◆ **Work to be completed**: As you work through the listing below, copy each line exactly and drop the images.
BEGIN
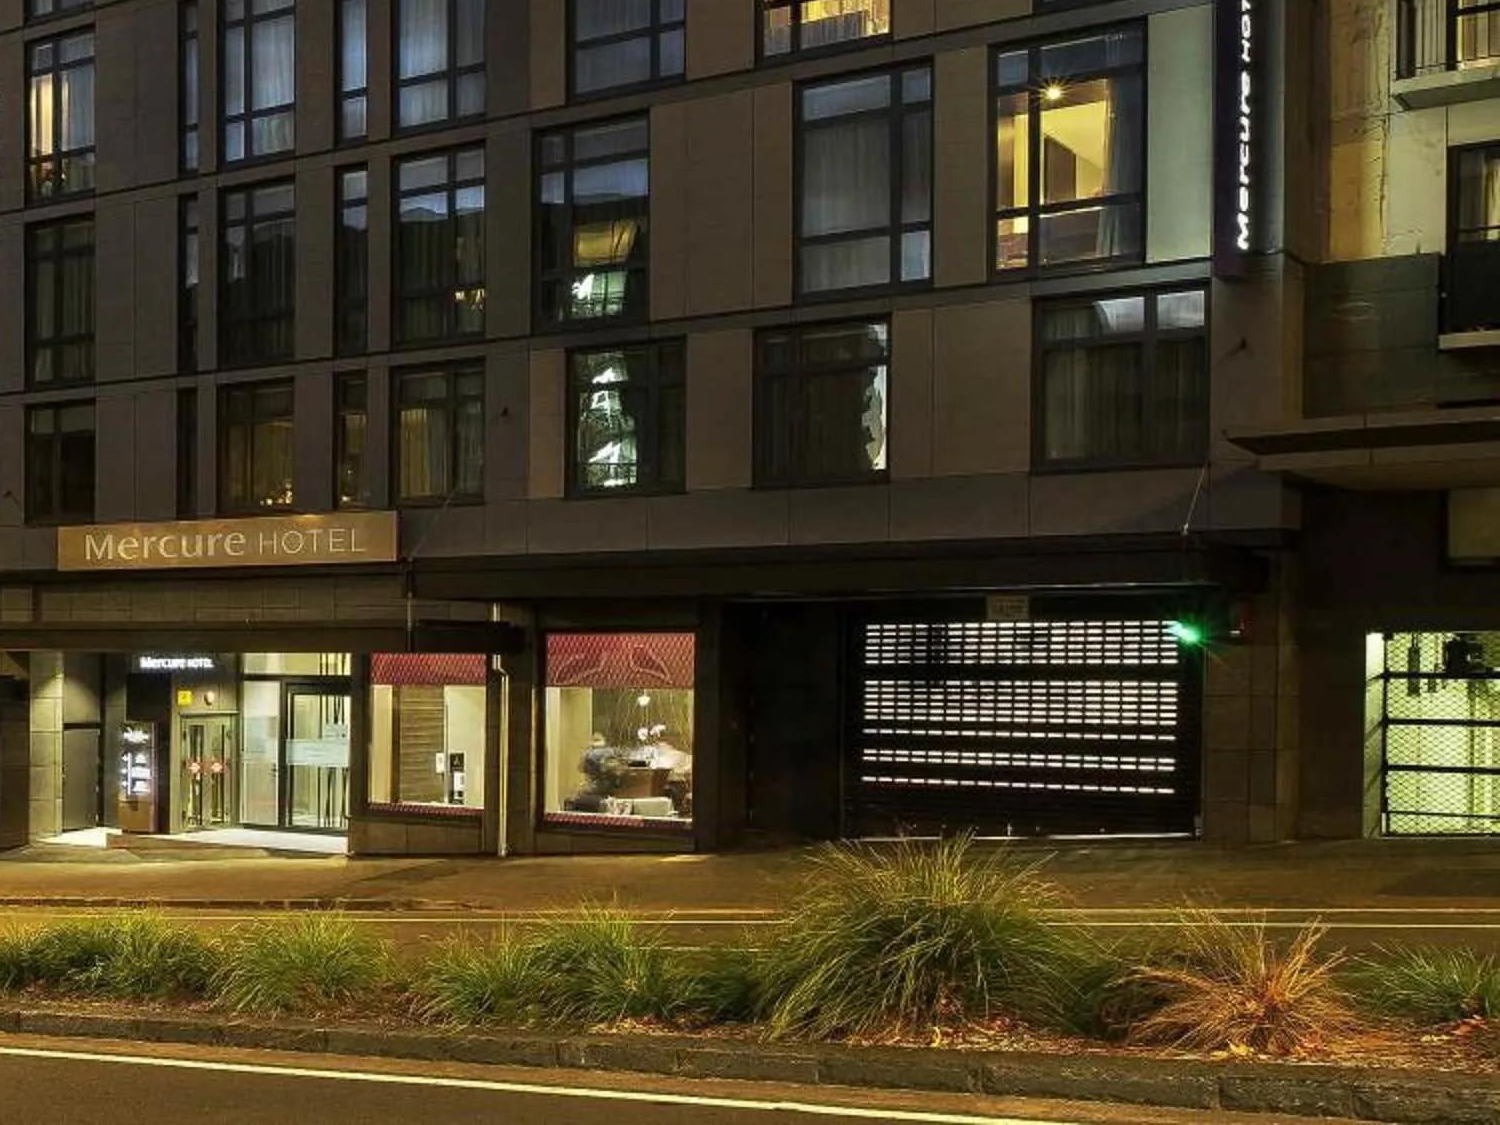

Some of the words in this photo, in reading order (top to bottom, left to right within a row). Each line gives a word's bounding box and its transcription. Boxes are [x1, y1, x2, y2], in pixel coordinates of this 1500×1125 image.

[1236, 70, 1251, 250] Mercure
[84, 530, 247, 561] Mercure
[258, 527, 367, 556] HOTEL
[140, 656, 186, 669] Mercure
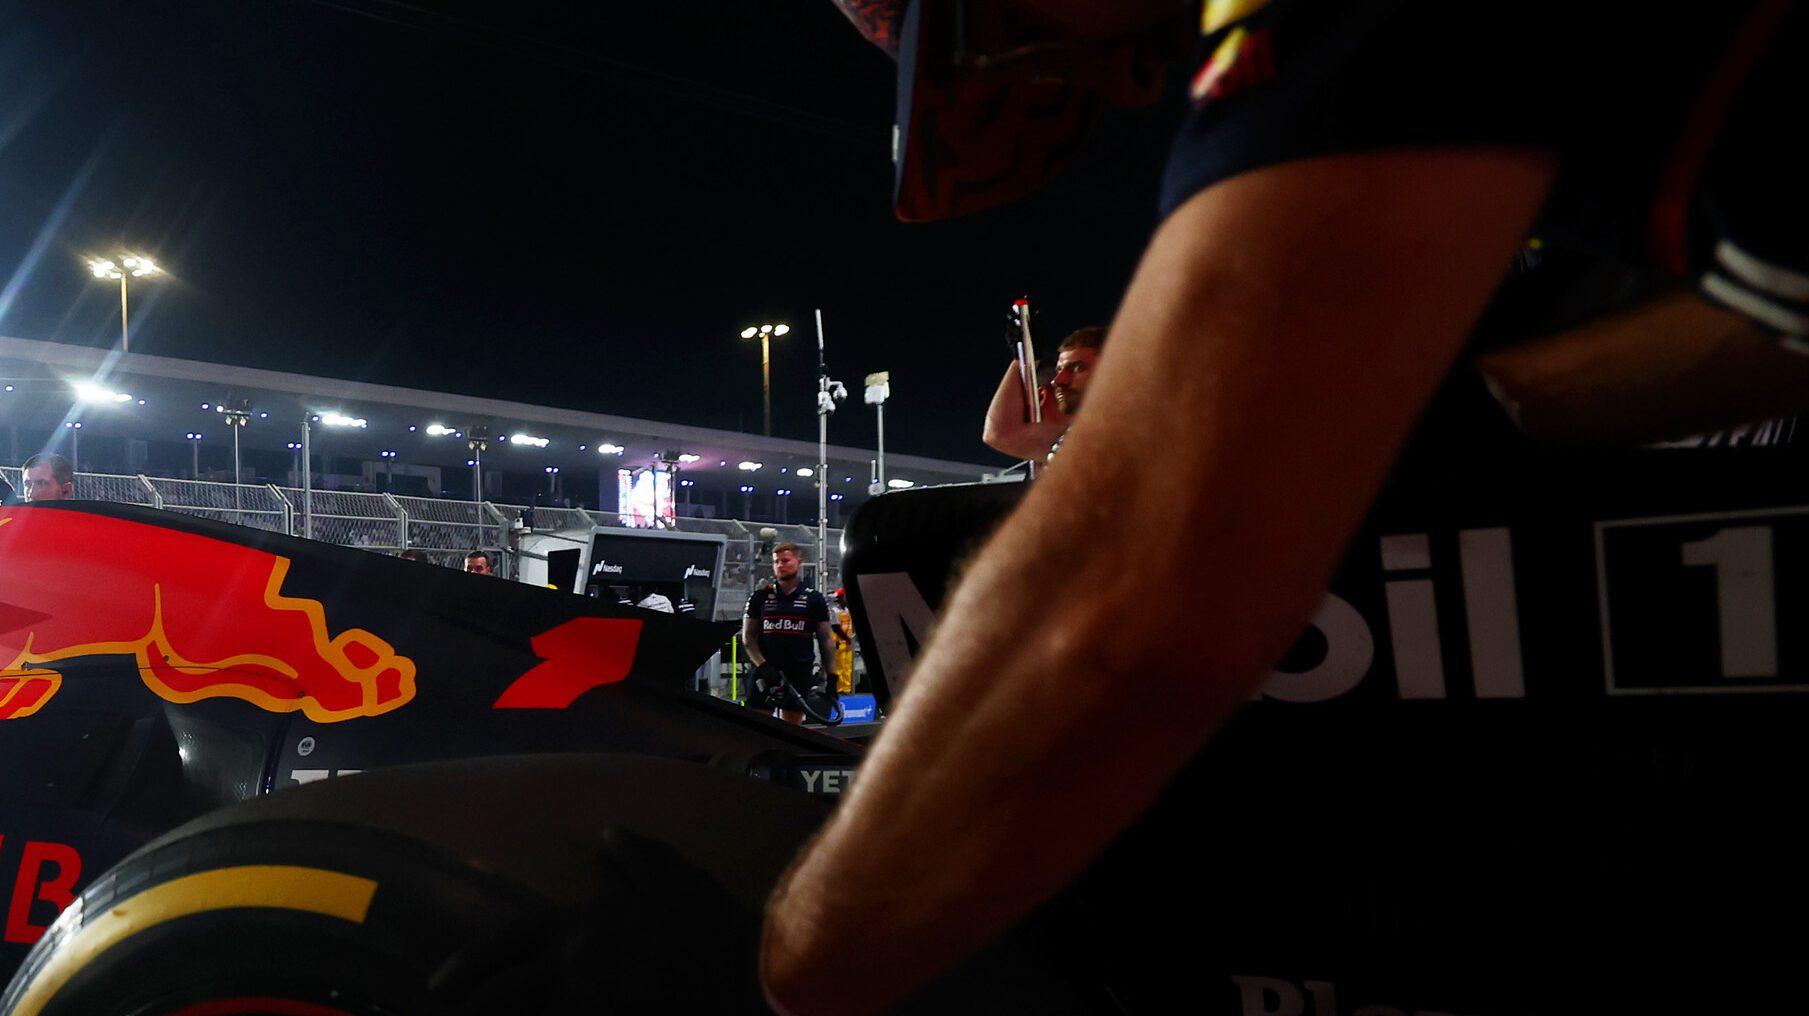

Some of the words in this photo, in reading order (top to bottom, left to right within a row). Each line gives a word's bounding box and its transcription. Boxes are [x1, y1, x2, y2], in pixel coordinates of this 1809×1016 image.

[763, 618, 783, 630] Red
[783, 619, 805, 631] Bull
[1680, 523, 1780, 679] 1
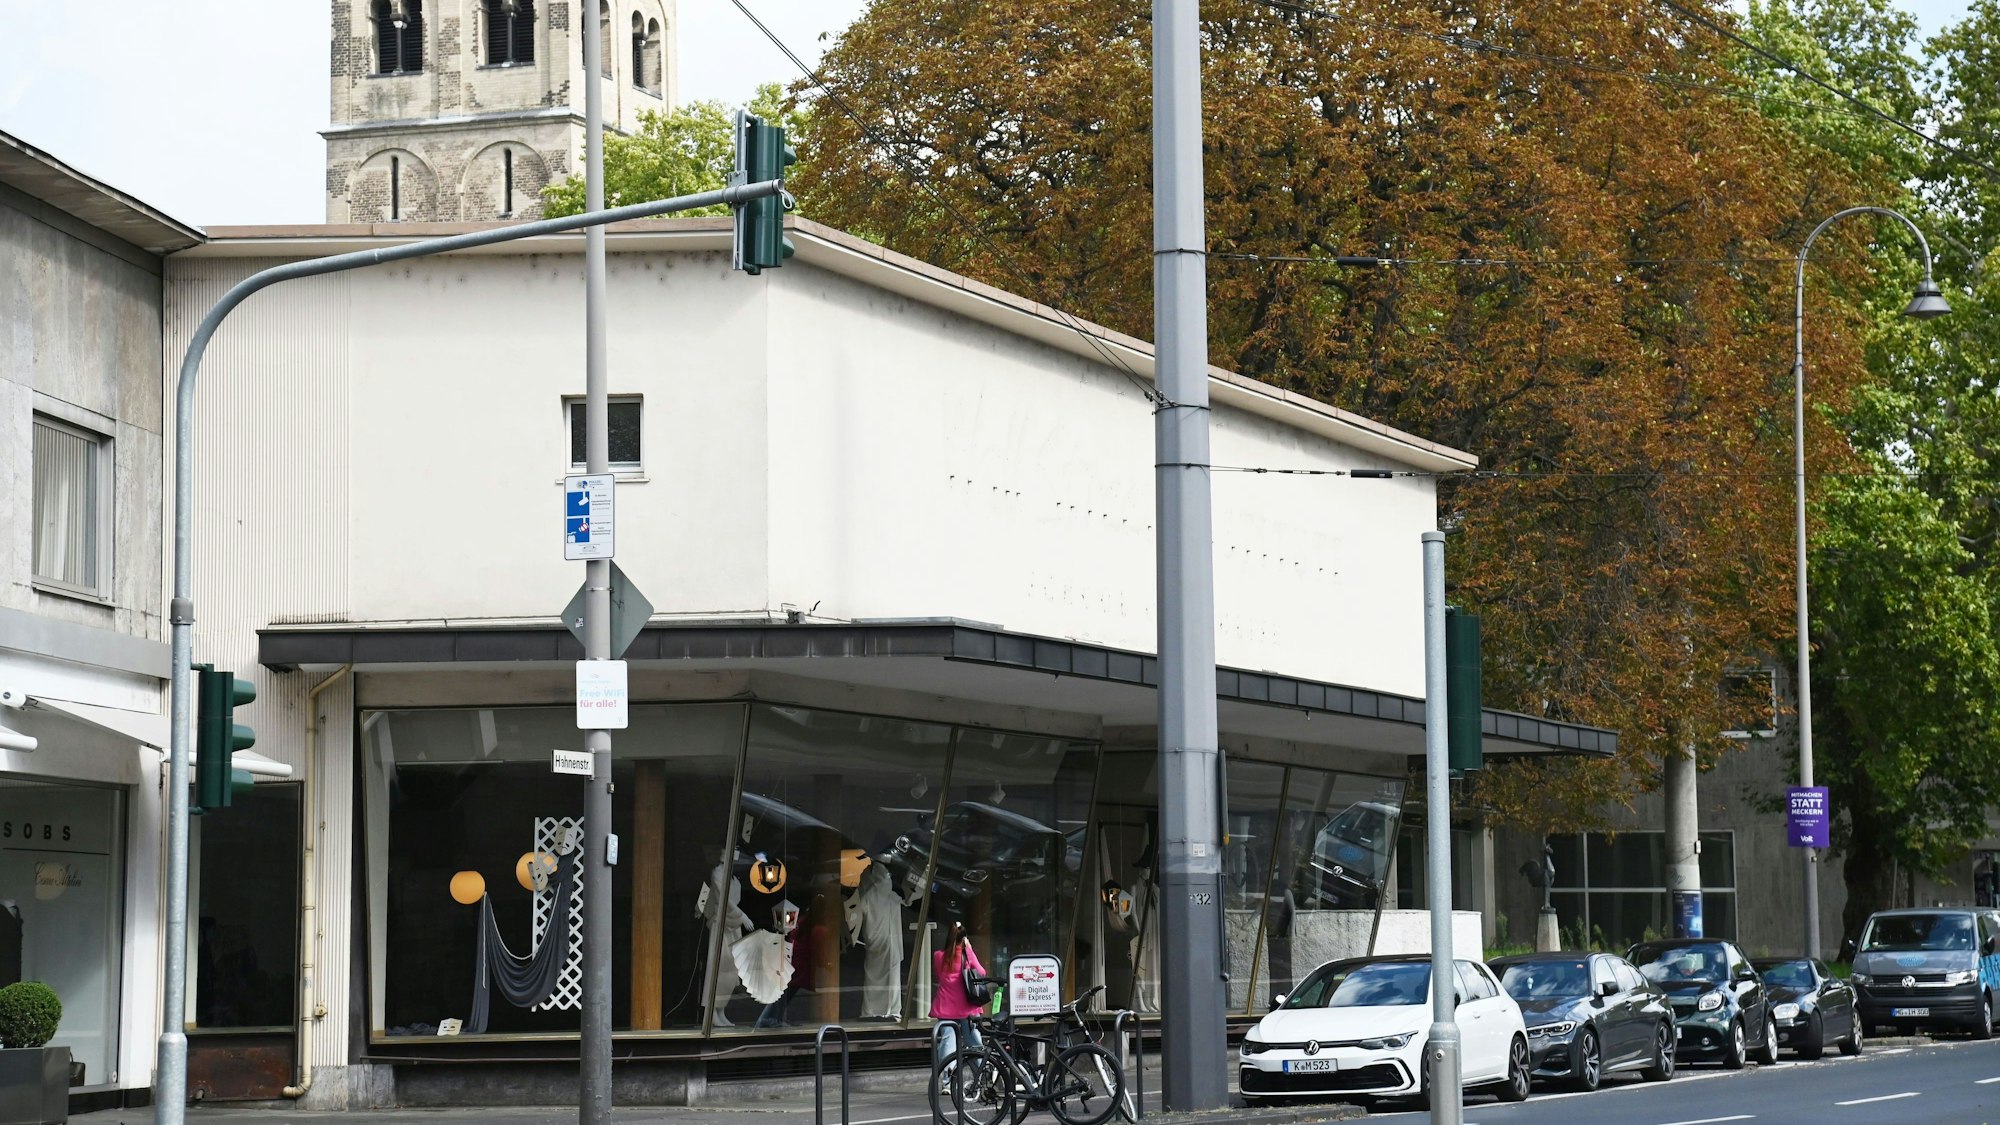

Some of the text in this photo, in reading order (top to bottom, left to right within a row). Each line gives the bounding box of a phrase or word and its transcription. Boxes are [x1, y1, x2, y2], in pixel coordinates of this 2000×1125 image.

[580, 689, 600, 697] Free
[580, 699, 617, 708] für alle!
[555, 754, 591, 770] Hahnenstr.
[1791, 799, 1823, 808] STATT
[1800, 835, 1814, 843] Volt
[1028, 985, 1049, 994] Digital
[1294, 1062, 1300, 1071] K
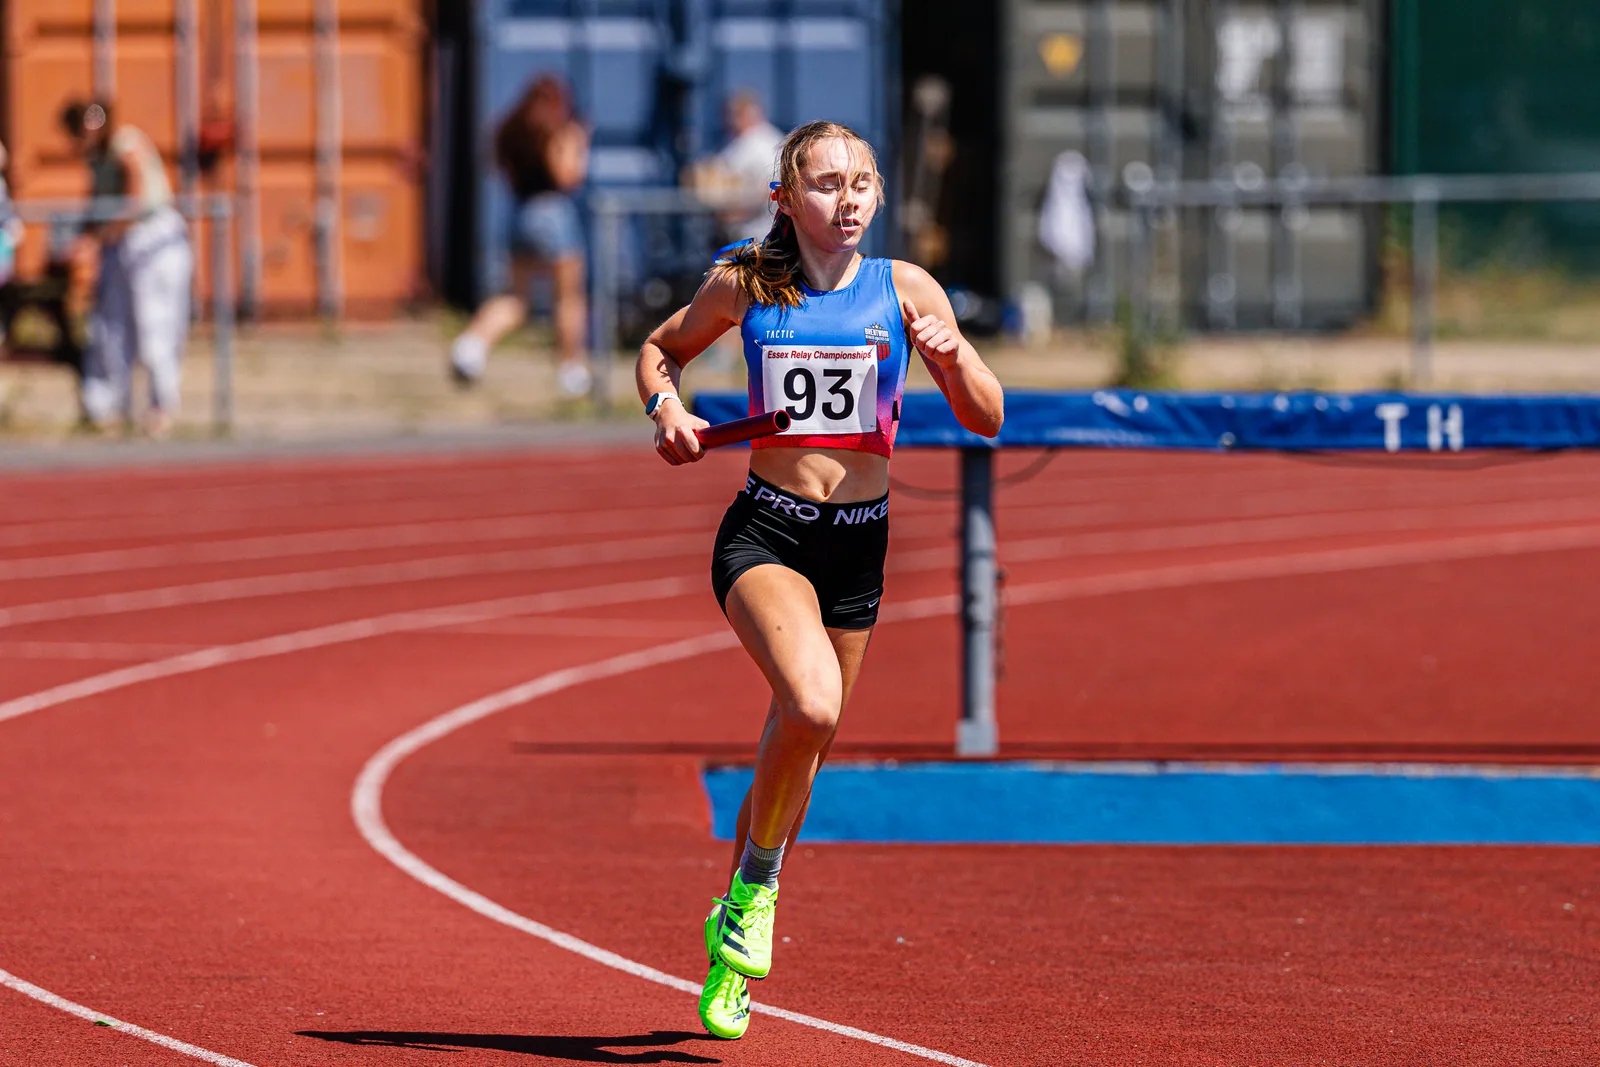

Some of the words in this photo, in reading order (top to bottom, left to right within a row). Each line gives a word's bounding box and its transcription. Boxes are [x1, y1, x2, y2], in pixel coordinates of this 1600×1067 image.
END
◆ **Output**:
Some of the words in this photo, in reading order (top to bottom, left to right within a row). Each line gives a word's bounding box and its transcription. Boxes are [x1, y1, x2, y2], in pixel coordinates of this 1500×1125 image.

[1236, 70, 1251, 250] Mercure
[84, 530, 247, 561] Mercure
[258, 527, 367, 556] HOTEL
[140, 656, 186, 669] Mercure

Some of the words in this photo, in reading order (top to bottom, left to right within a row). Each line gives a word's bounding box and its transcription. Boxes are [x1, y1, x2, y2], in pixel coordinates of this 1809×1016 image.

[763, 618, 783, 630] Red
[783, 619, 805, 631] Bull
[1680, 523, 1780, 679] 1

Some of the text in this photo, in reading order (top to bottom, left to right within a row). Each line gives the bounding box of a phrase or word and its transcription. Boxes are [x1, y1, x2, y2], in pixel coordinates of this 2000×1125 image.

[580, 689, 600, 697] Free
[580, 699, 617, 708] für alle!
[555, 754, 591, 770] Hahnenstr.
[1791, 799, 1823, 808] STATT
[1800, 835, 1814, 843] Volt
[1028, 985, 1049, 994] Digital
[1294, 1062, 1300, 1071] K

Some of the words in this photo, in reading order (top to bottom, left to right within a row). Each line gives a word's bounding box and its transcription. Boxes are [x1, y1, x2, y2], in pixel coordinates of this 1600×1067 image.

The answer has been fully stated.